Your instructions: All pictures are to be dropped, and everything else in the data duplicated exactly.

(Beginning of Dataset records)

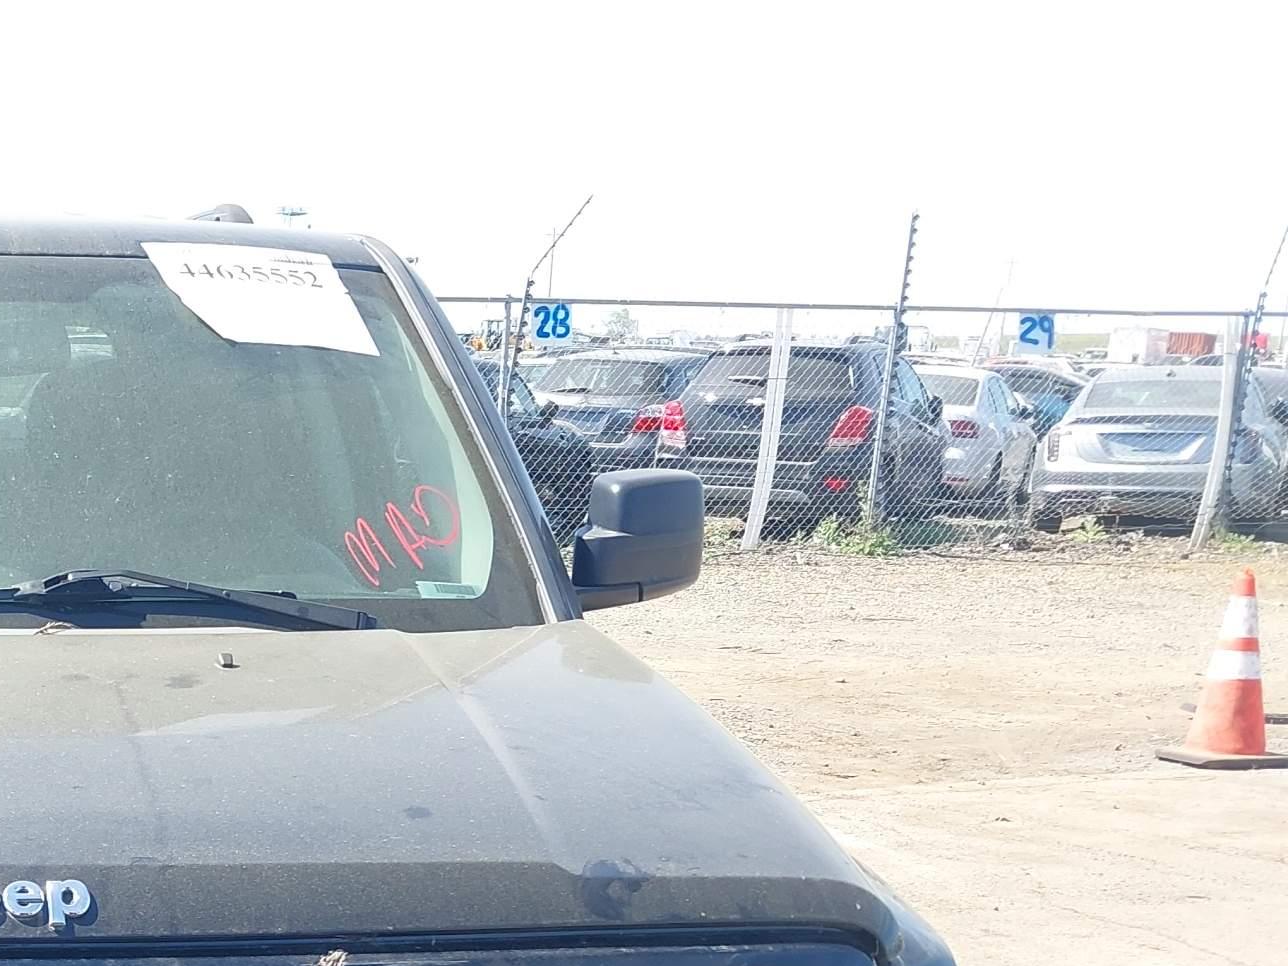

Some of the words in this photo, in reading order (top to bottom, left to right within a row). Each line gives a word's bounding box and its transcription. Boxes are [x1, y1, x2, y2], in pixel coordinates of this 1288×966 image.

[179, 262, 324, 289] 44635552
[534, 303, 571, 339] 28
[1020, 315, 1055, 349] 29
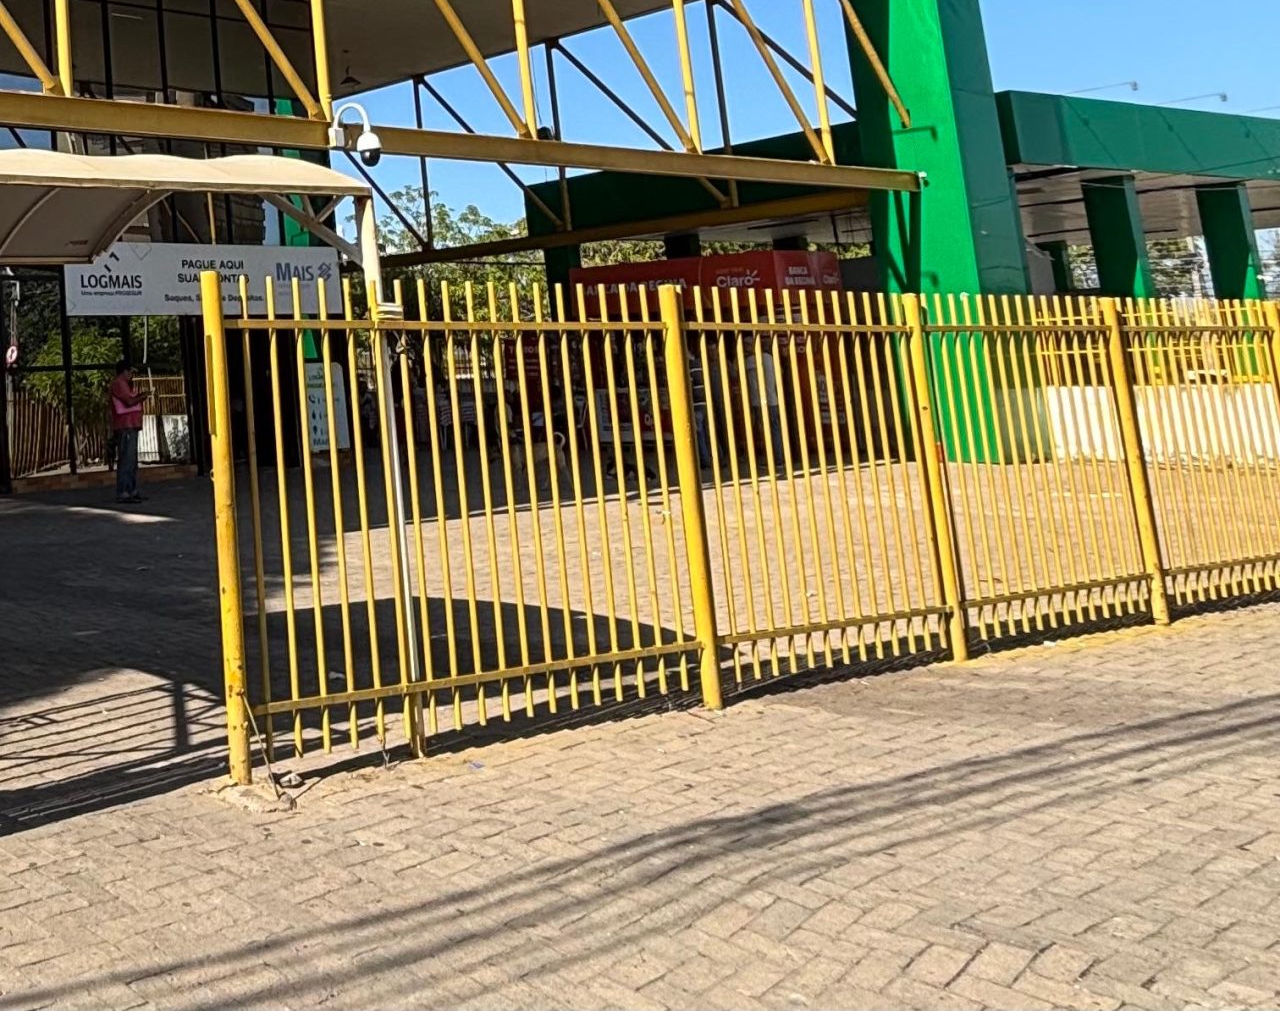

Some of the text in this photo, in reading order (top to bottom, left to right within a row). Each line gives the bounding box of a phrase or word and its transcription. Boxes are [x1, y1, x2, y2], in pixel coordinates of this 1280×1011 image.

(End of Dataset records)

Exercise result:
Some of the words in this photo, in reading order (top to bottom, left to right within a row). Each line gives a word's bounding box and its transcription. Boxes are [x1, y1, x2, y2], in pixel coordinates of this 1288×966 image.

[179, 262, 324, 289] 44635552
[534, 303, 571, 339] 28
[1020, 315, 1055, 349] 29

Some of the text in this photo, in reading order (top to bottom, left to right within a row). Each line gives the bounding box of a phrase or word and its transcription. Boxes are [x1, y1, x2, y2], in pixel coordinates of this 1280×1011 image.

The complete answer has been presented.